I wrote this in response to a direct email, in case what I have written is of use to anyone else having trouble with MuLE.

"The MuLE saga returns! I have actually completely stopped using the system after determining that the inconsistency, propensity for recombination, and mysterious mosaic expression was just taking up way too much time and effort to figure out, and seemed to be inherent to Multisite Gateway lentiviruses.

I did find that using NEB Stables at 30C was a much better bet than DH5a-type bacteria, but still had huge variability. Though sometimes I was able to get a clone using 3 to 5 fragment Gateway recombination on the first try, many times it would take between 2 and 24 screened clones, and sometimes I was never able to get the final clone. Many would transiently express each of the inserts but not make functional virus, or would make extremely poor virus, though some more or less worked great.

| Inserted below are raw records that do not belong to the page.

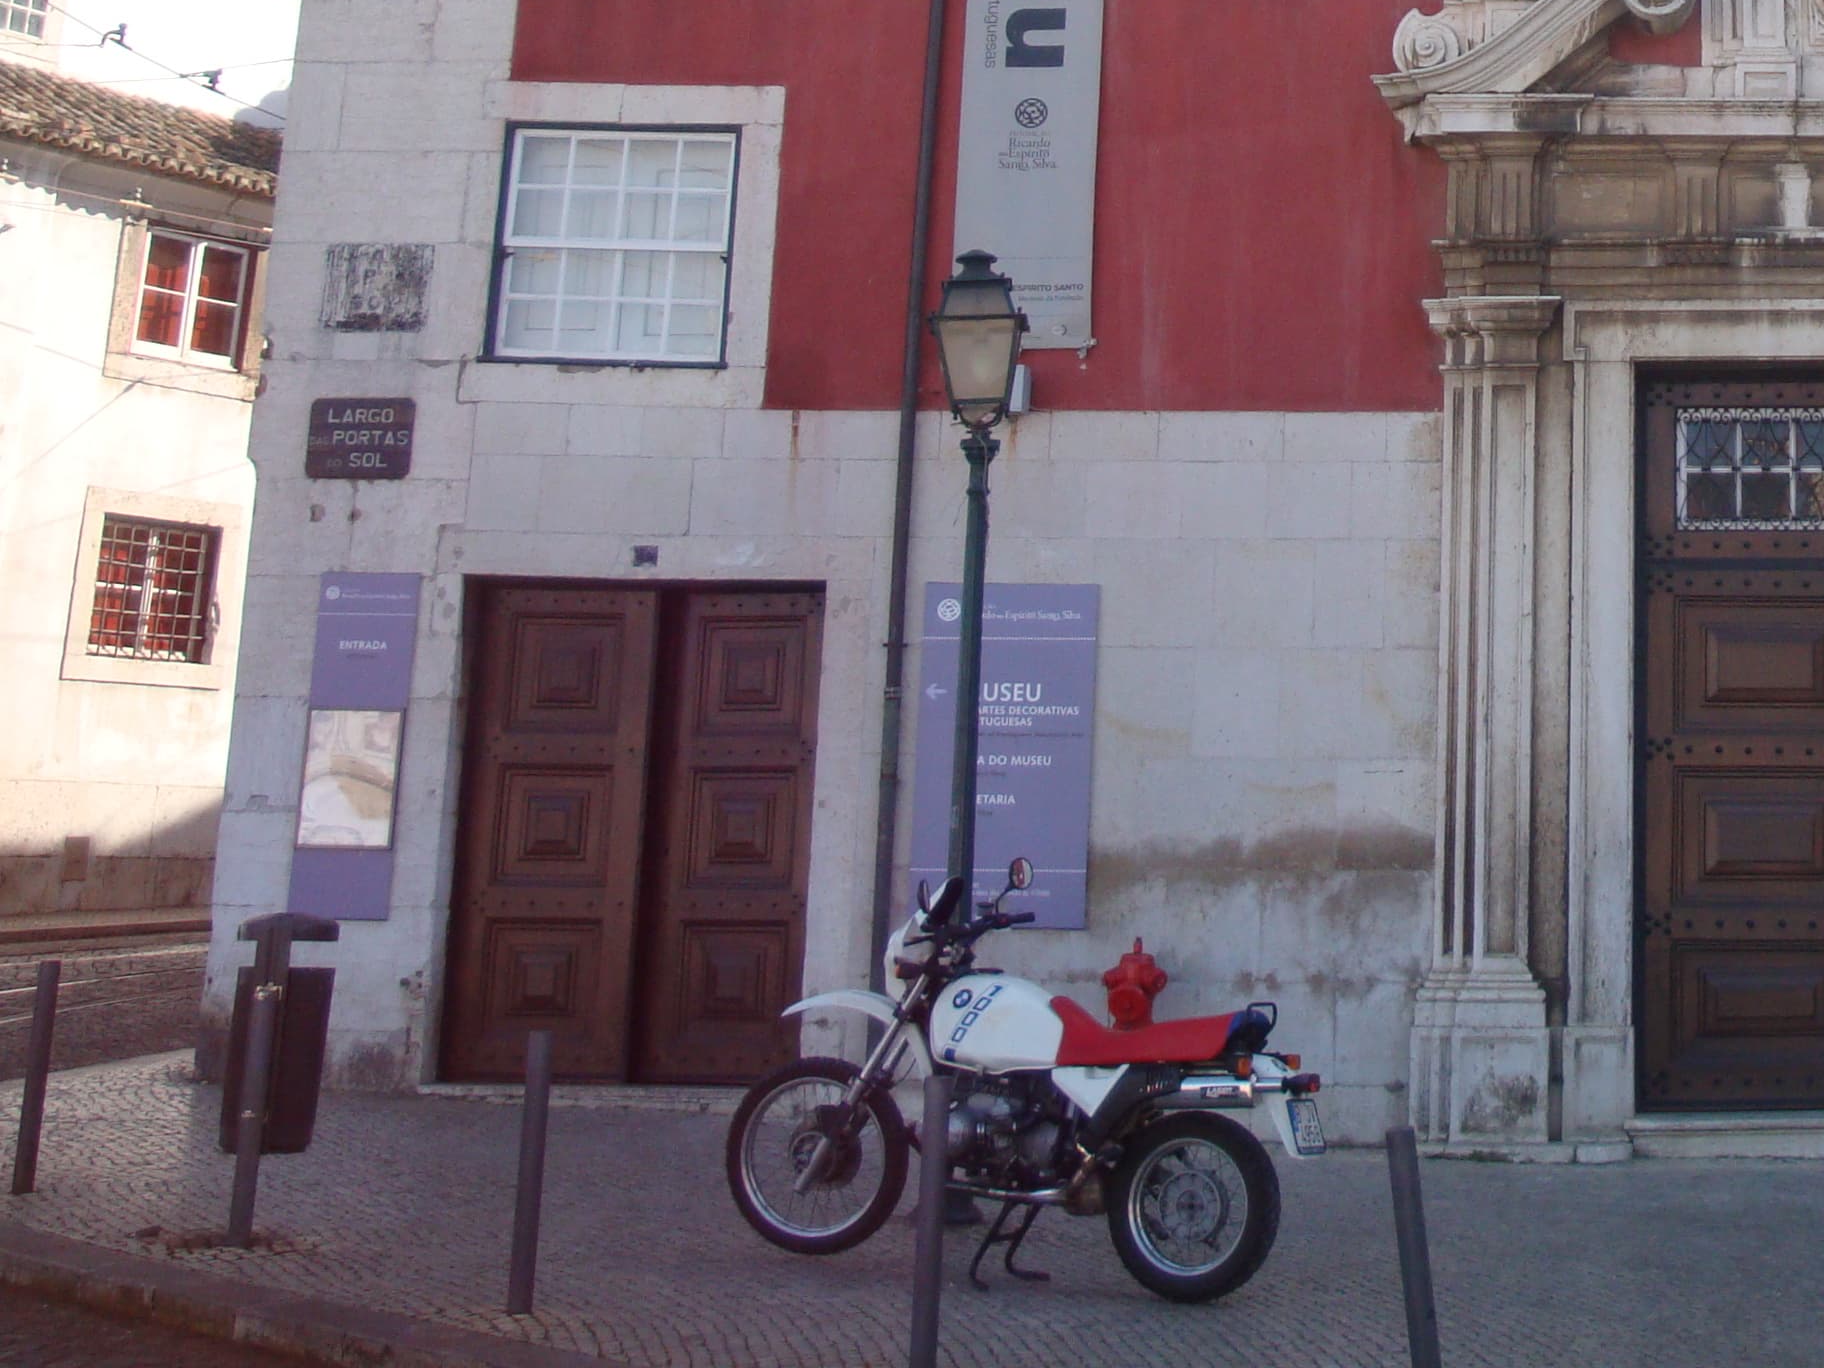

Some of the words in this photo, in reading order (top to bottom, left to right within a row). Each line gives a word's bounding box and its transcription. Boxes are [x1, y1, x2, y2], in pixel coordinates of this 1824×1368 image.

[1054, 283, 1084, 291] SANTO
[327, 408, 394, 423] LARGO
[333, 430, 409, 446] PORTAS
[348, 452, 387, 468] SOL
[339, 640, 388, 650] ENTRADA
[982, 682, 1042, 702] USEU
[1008, 706, 1080, 715] DECORATIVAS
[980, 717, 1032, 727] TUGUESAS
[988, 755, 1008, 765] DO
[1010, 755, 1052, 766] MUSEU
[976, 794, 1016, 805] ETARIA
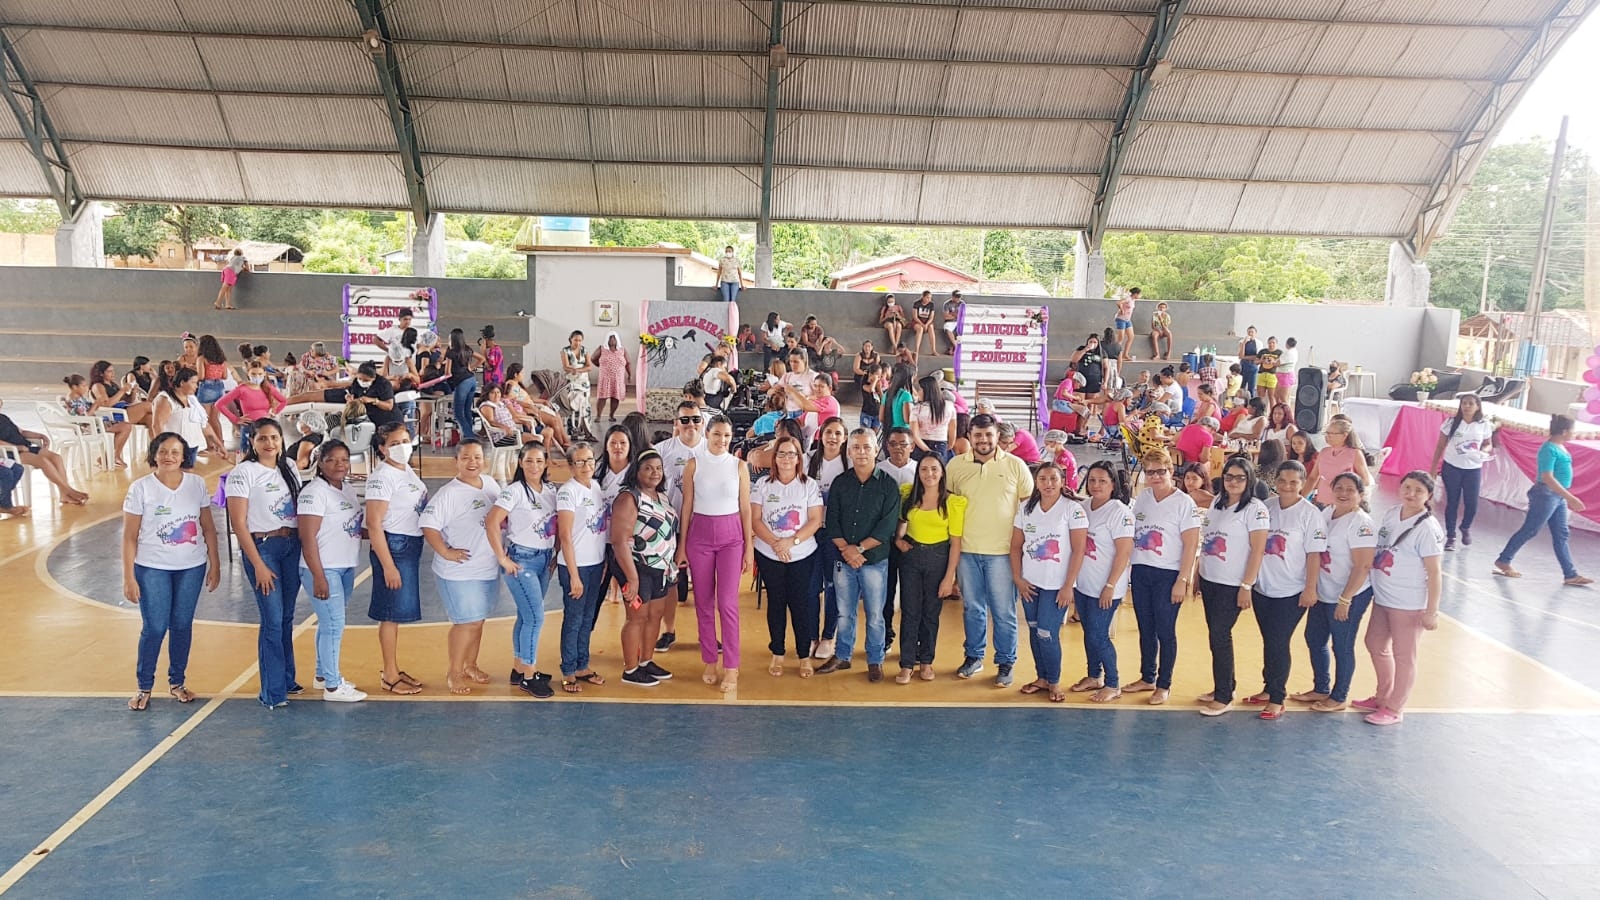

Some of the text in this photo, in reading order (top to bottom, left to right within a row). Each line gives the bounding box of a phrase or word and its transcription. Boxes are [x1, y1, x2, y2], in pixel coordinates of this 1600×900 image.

[972, 323, 1029, 336] MANICURE
[995, 339, 1003, 350] E
[971, 351, 1027, 362] PEDICURE
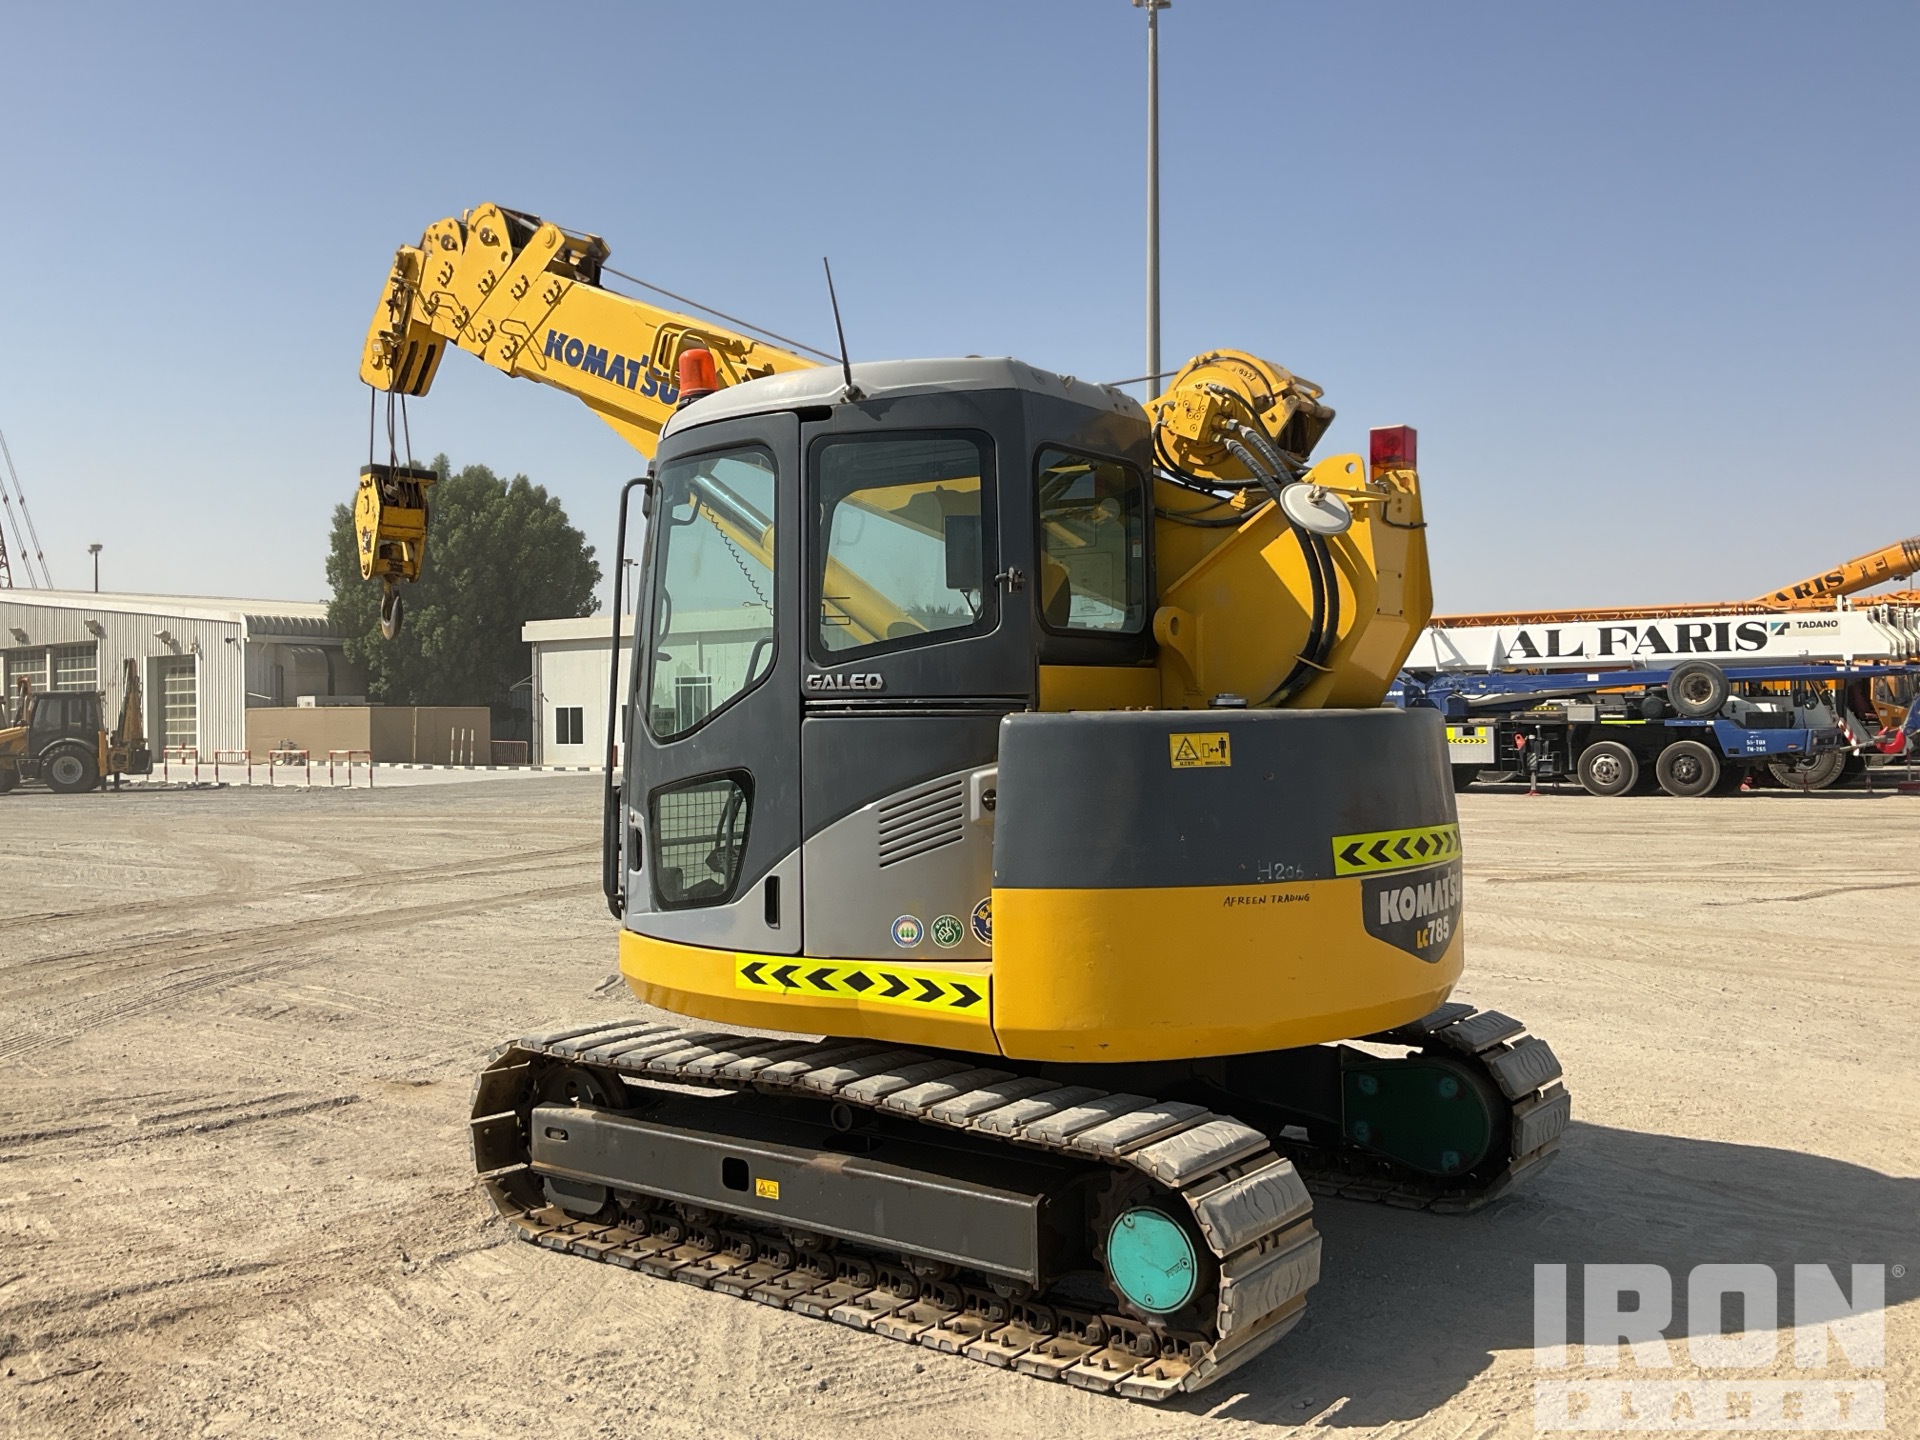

However, what I wanted for MuLE was to be able to express several fluorescently-tagged genes in neurons at equal stoichometries. Before beginning, I read that it is not the correct strategy to express the same promoter multiple times in one plasmid because of promoter interference, so I used Ef1a, ESYN, CaMK, and other neuron-friendly promoters. But in both my neuron constructs and those using the original MuLE entry vectors driven by SV40 or CMV, I found that there was mosaic expression. I would have a monoclonal prep of plasmid, I would make virus (but same problem with transient too actually), and would find that though all cells seemed to express the PGK-iRFP destination vector piece fine, they would shut down one of the two inserts, and only rarely express both. The expression of any one of the inserts was also so much lower than what I could achieve using regular lenti systems, that it was essentially unusable for difficult cell lines like neurons. I’ve never determined what it was about the inserts created this mosaic expression situation, and your suggestion about cell states could be right. I later learned that plasmids with repetitive sequences can have very complicated secondary structures that make them not only difficult to copy and push towards recombination in bacteria, but also to express. My last ditch effort was to use this fancy bacteria from Scarab Genomics that is incapable of recombination. I found I was also not able to efficiently derive final clones using this bacteria, so I shit-canned the whole MuLE enterprise, the 6 months of work and the near 100 entry vectors I made for my poor neuron project, and am now happily making regular, non-Gateway lentiviruses!"

Did you try to use dam-/dcm- e. coli? DNA is hypermthylated in bacteria and maybe this is how some of your promoters get inactivated?